** Raw data **
-=-=-
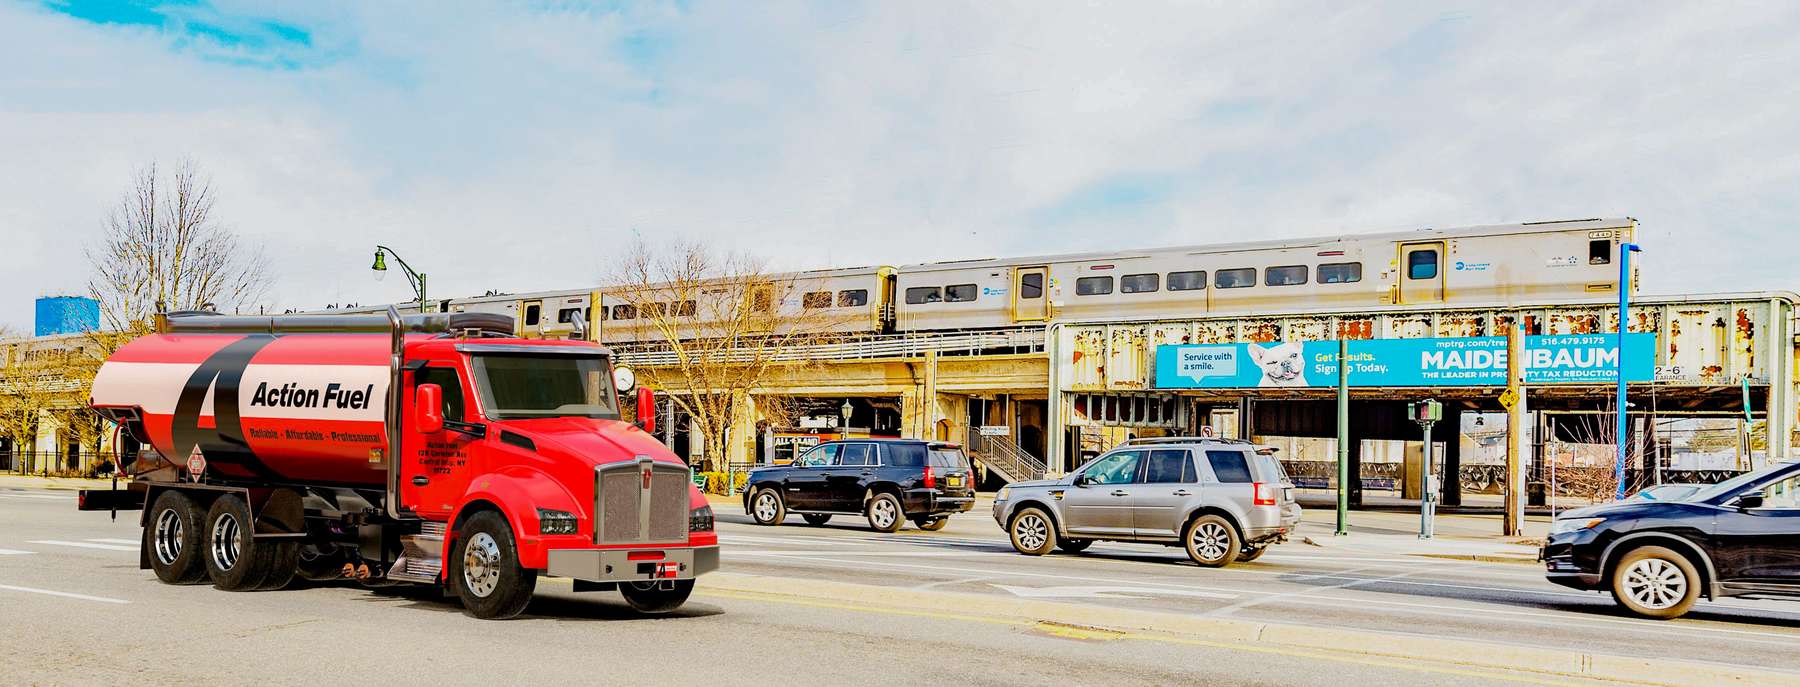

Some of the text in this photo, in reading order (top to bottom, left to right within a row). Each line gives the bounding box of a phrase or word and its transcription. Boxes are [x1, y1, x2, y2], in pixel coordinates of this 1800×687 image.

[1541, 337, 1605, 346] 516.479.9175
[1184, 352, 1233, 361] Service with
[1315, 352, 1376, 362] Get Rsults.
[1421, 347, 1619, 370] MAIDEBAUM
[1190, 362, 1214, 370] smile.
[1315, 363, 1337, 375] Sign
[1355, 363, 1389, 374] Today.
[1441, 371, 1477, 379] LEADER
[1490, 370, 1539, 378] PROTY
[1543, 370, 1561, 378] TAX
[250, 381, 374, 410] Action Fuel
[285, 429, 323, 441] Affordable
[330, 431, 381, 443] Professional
-=-=-
** The task **
Exact copy, no pictures: reproduce every entry shown above.

** Task response **
Some of the text in this photo, in reading order (top to bottom, left to right within a row). Each line gives the bounding box of a phrase or word and its transcription. Boxes are [x1, y1, x2, y2], in pixel coordinates of this 1800×687 image.

[1541, 337, 1605, 346] 516.479.9175
[1184, 352, 1233, 361] Service with
[1315, 352, 1376, 362] Get Rsults.
[1421, 347, 1619, 370] MAIDEBAUM
[1190, 362, 1214, 370] smile.
[1315, 363, 1337, 375] Sign
[1355, 363, 1389, 374] Today.
[1441, 371, 1477, 379] LEADER
[1490, 370, 1539, 378] PROTY
[1543, 370, 1561, 378] TAX
[250, 381, 374, 410] Action Fuel
[285, 429, 323, 441] Affordable
[330, 431, 381, 443] Professional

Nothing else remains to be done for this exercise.